WHAT TO PRODUCE »
Pictures aside, print all of the data below exactly as written.

[Free-text object descriptions]
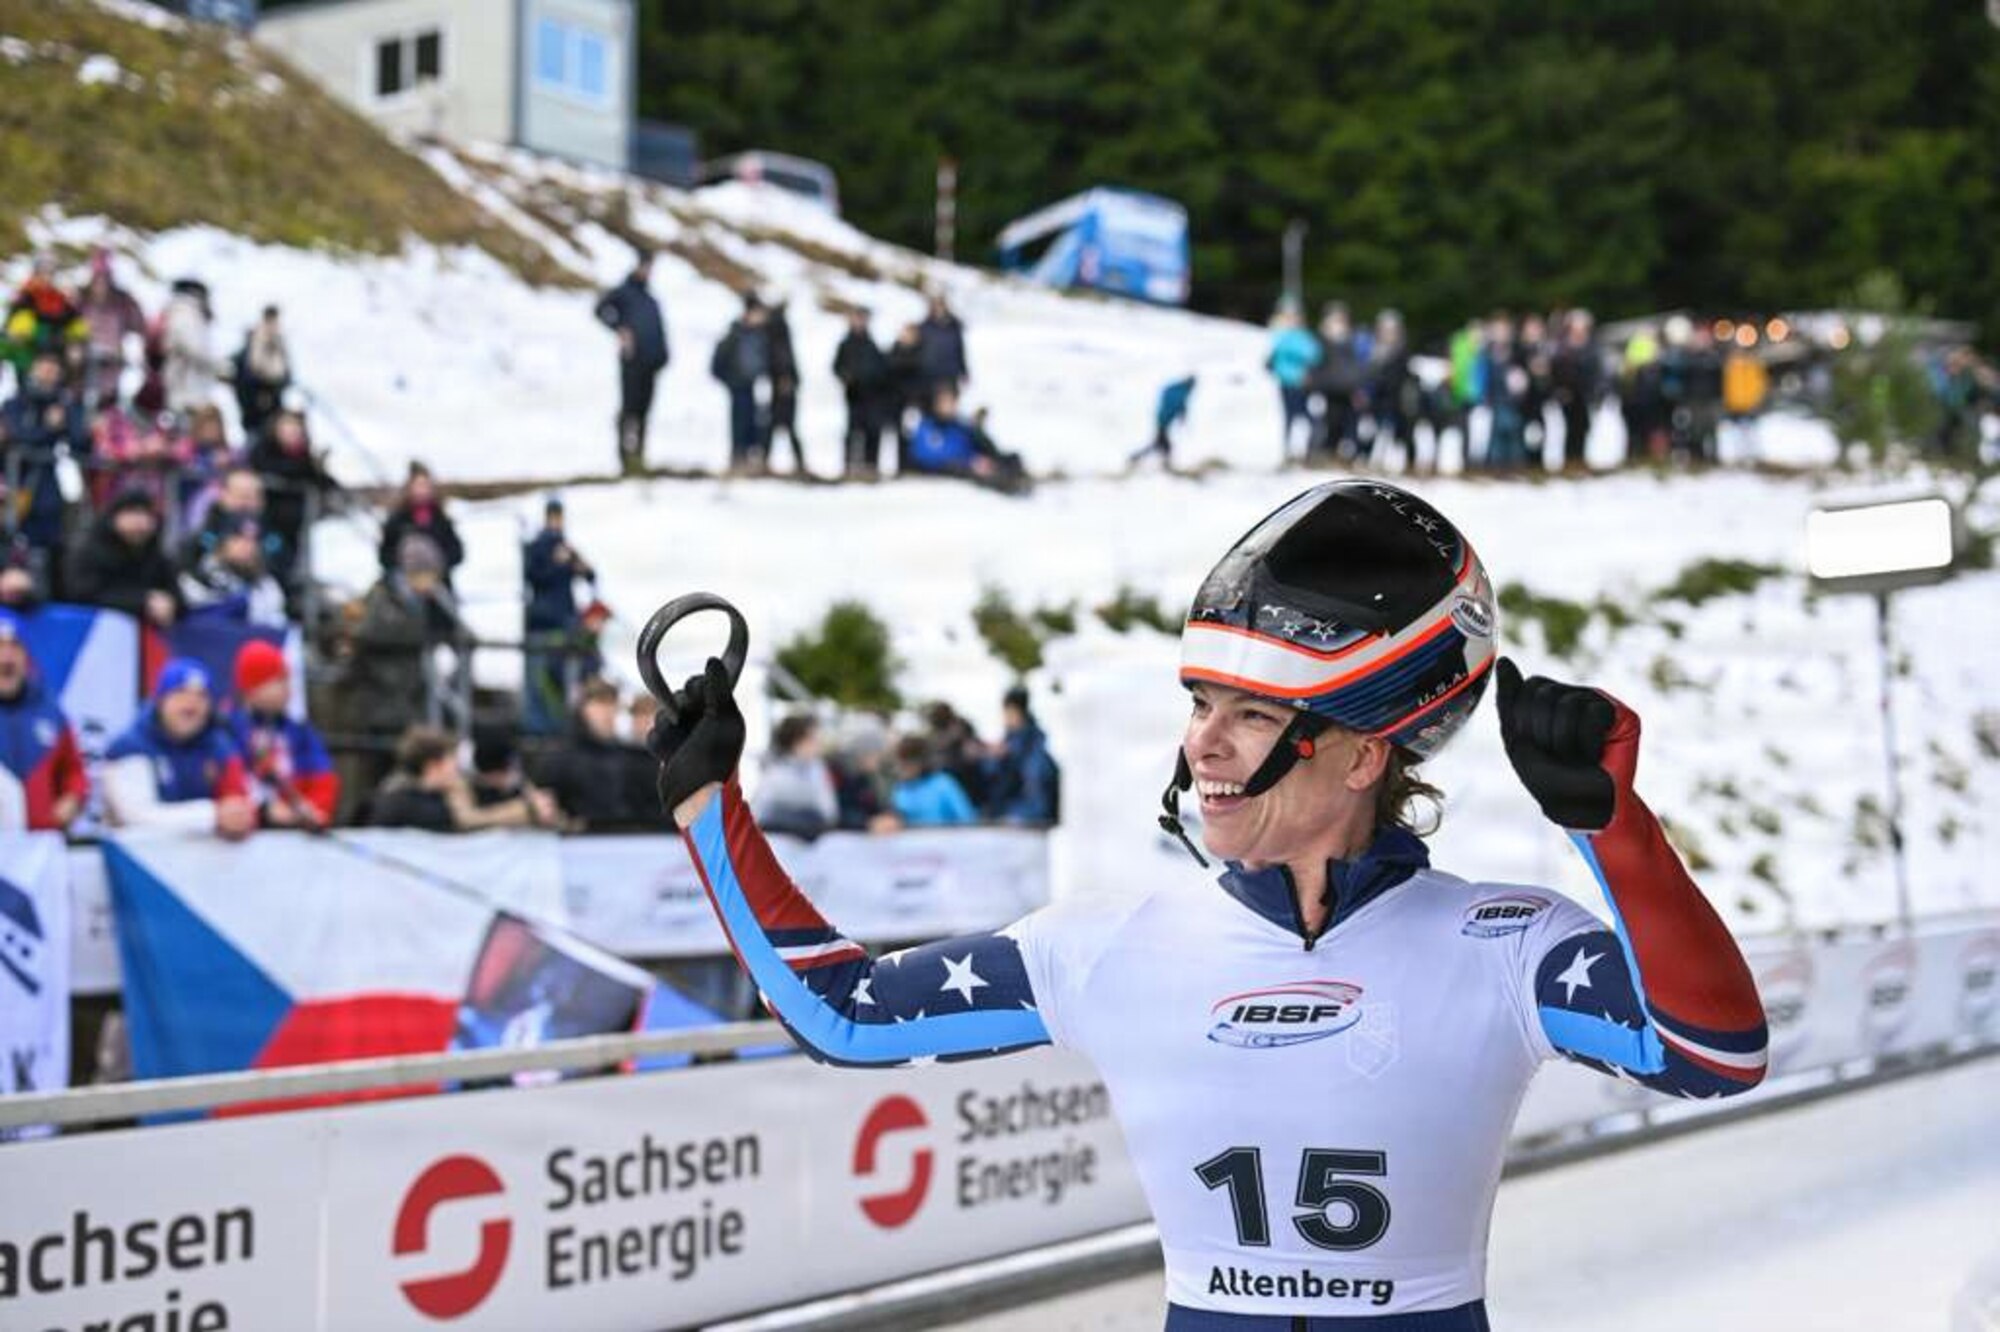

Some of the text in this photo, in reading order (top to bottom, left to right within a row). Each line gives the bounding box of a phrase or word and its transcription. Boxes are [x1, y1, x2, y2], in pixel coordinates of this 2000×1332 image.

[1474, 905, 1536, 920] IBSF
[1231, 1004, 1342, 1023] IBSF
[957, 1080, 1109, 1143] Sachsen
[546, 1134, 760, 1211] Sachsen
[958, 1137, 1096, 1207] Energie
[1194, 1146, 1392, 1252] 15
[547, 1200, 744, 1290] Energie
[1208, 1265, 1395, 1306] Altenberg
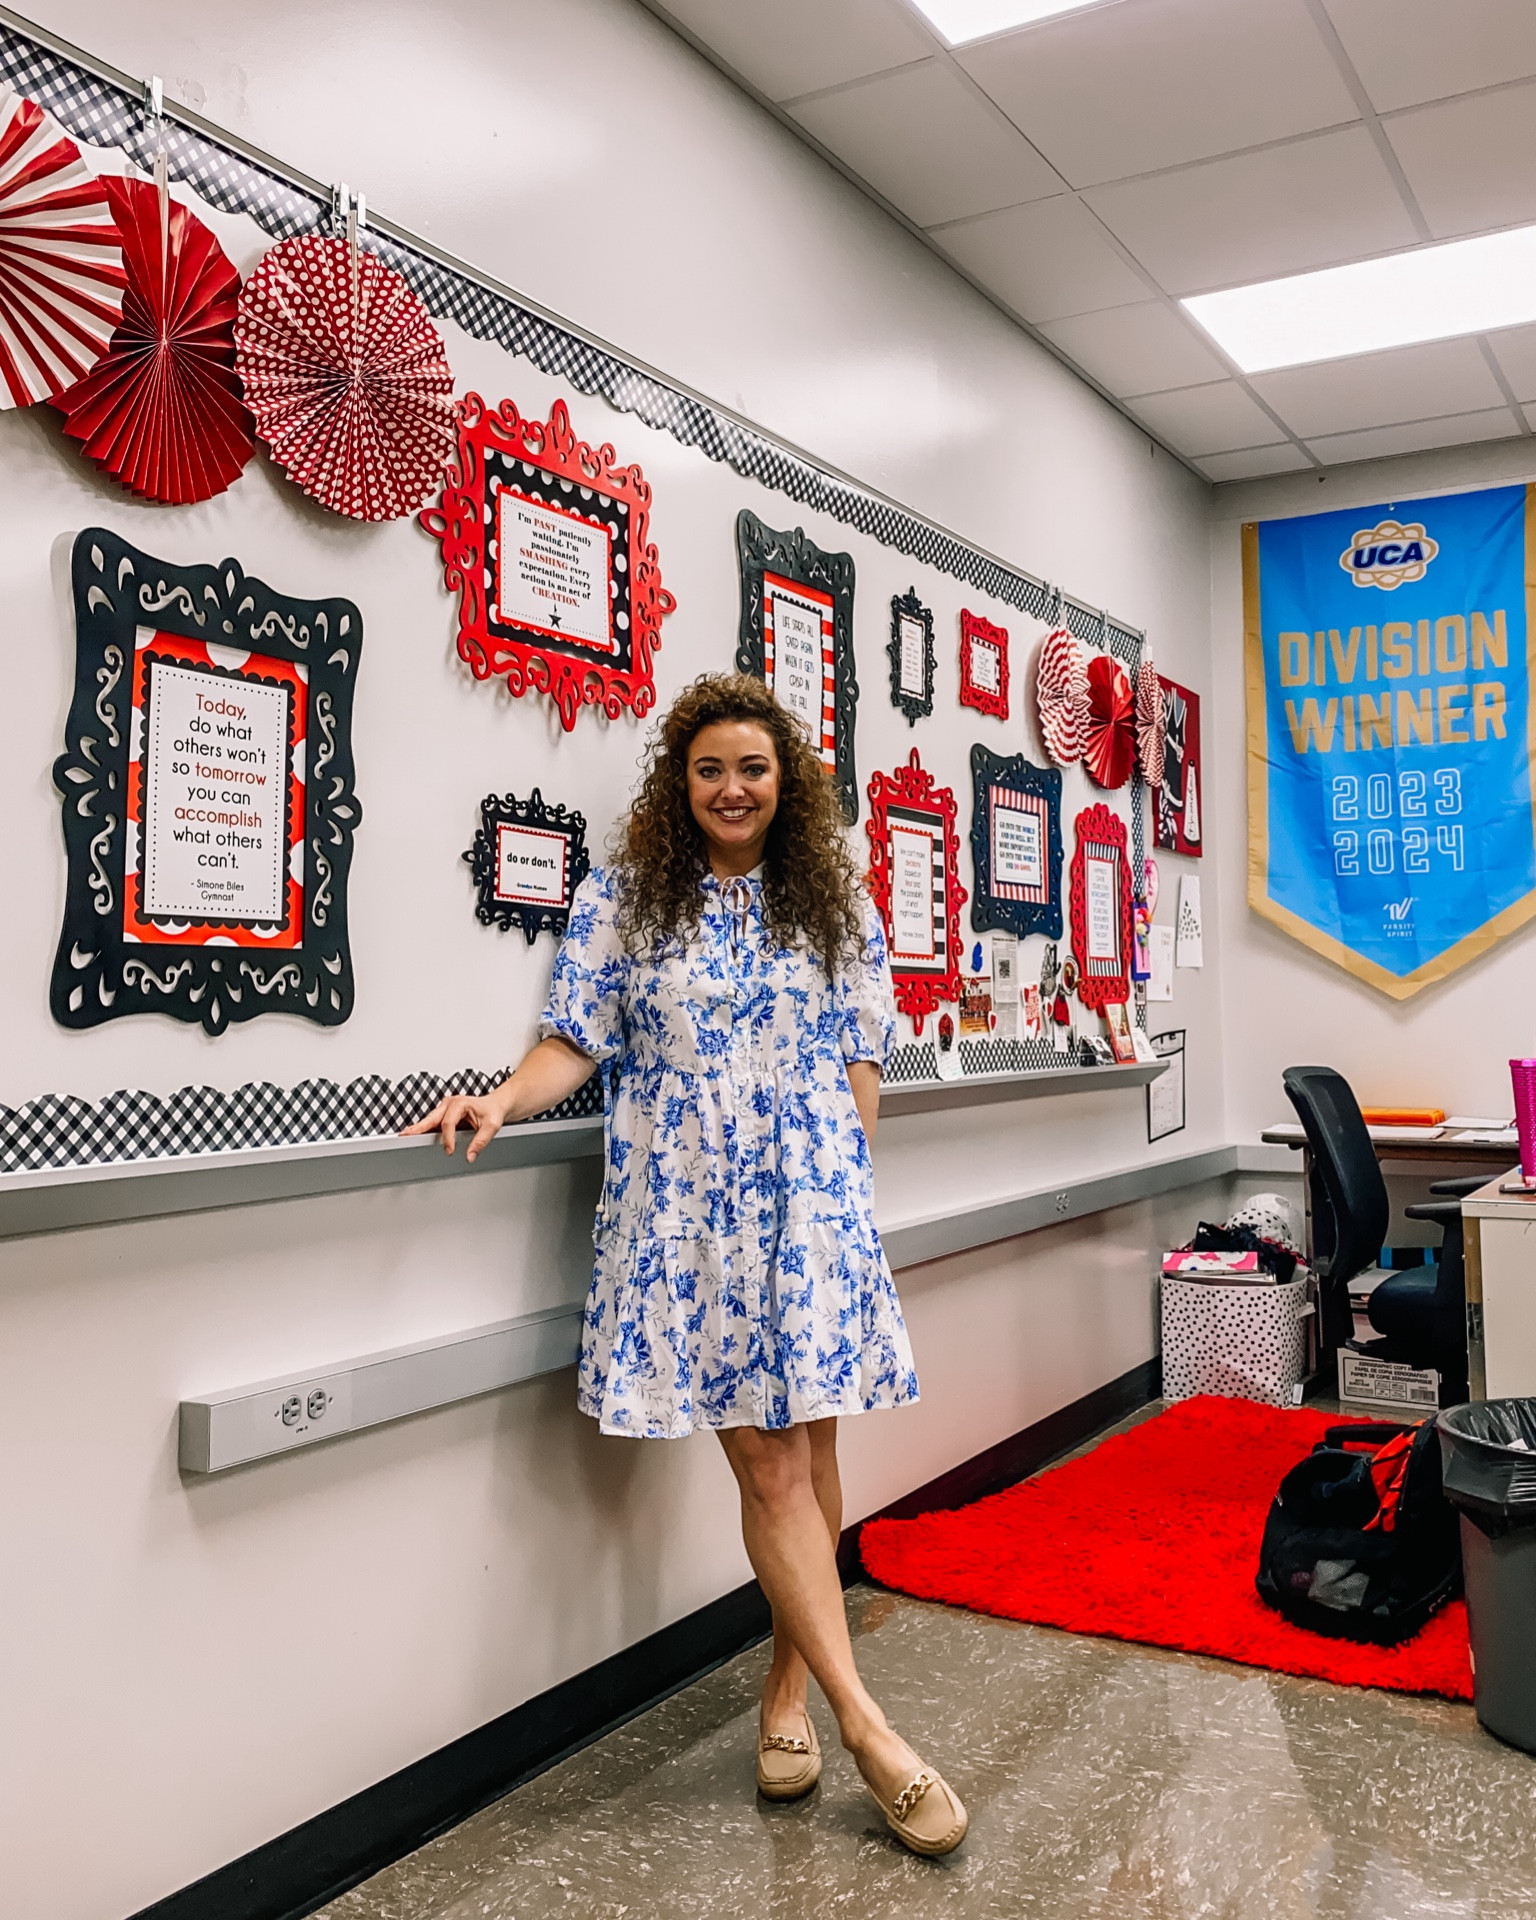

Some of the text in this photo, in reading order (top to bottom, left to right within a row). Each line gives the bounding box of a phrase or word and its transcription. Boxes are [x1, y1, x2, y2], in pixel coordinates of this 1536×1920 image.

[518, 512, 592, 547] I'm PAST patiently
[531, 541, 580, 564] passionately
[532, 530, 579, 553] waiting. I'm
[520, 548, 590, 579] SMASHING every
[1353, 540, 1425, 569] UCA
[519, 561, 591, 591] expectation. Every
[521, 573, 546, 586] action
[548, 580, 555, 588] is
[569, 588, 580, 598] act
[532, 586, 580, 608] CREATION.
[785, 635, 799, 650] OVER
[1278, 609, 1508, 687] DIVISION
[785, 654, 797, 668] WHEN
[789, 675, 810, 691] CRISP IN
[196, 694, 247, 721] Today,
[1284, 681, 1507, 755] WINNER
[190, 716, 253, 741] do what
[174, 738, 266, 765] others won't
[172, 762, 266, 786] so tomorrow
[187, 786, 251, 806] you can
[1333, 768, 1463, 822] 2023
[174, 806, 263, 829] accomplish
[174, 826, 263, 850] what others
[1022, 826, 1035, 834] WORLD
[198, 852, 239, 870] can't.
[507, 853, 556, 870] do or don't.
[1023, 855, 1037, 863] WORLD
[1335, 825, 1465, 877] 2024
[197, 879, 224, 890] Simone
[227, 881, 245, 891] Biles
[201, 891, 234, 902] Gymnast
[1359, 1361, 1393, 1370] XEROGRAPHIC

OUTPUT OF THE TASK »
Some of the text in this photo, in reading order (top to bottom, left to right within a row). Each line gives the bounding box of a phrase or word and its transcription. Boxes are [x1, y1, x2, y2], in pixel coordinates of this 2000×1332 image.

[1474, 905, 1536, 920] IBSF
[1231, 1004, 1342, 1023] IBSF
[957, 1080, 1109, 1143] Sachsen
[546, 1134, 760, 1211] Sachsen
[958, 1137, 1096, 1207] Energie
[1194, 1146, 1392, 1252] 15
[547, 1200, 744, 1290] Energie
[1208, 1265, 1395, 1306] Altenberg

Some of the text in this photo, in reading order (top to bottom, left to right within a row). Each line gives the bounding box of a phrase or word and its transcription. Boxes are [x1, y1, x2, y2], in pixel coordinates of this 1536×1920 image.

[518, 512, 592, 547] I'm PAST patiently
[531, 541, 580, 564] passionately
[532, 530, 579, 553] waiting. I'm
[520, 548, 590, 579] SMASHING every
[1353, 540, 1425, 569] UCA
[519, 561, 591, 591] expectation. Every
[521, 573, 546, 586] action
[548, 580, 555, 588] is
[569, 588, 580, 598] act
[532, 586, 580, 608] CREATION.
[785, 635, 799, 650] OVER
[1278, 609, 1508, 687] DIVISION
[785, 654, 797, 668] WHEN
[789, 675, 810, 691] CRISP IN
[196, 694, 247, 721] Today,
[1284, 681, 1507, 755] WINNER
[190, 716, 253, 741] do what
[174, 738, 266, 765] others won't
[172, 762, 266, 786] so tomorrow
[187, 786, 251, 806] you can
[1333, 768, 1463, 822] 2023
[174, 806, 263, 829] accomplish
[174, 826, 263, 850] what others
[1022, 826, 1035, 834] WORLD
[198, 852, 239, 870] can't.
[507, 853, 556, 870] do or don't.
[1023, 855, 1037, 863] WORLD
[1335, 825, 1465, 877] 2024
[197, 879, 224, 890] Simone
[227, 881, 245, 891] Biles
[201, 891, 234, 902] Gymnast
[1359, 1361, 1393, 1370] XEROGRAPHIC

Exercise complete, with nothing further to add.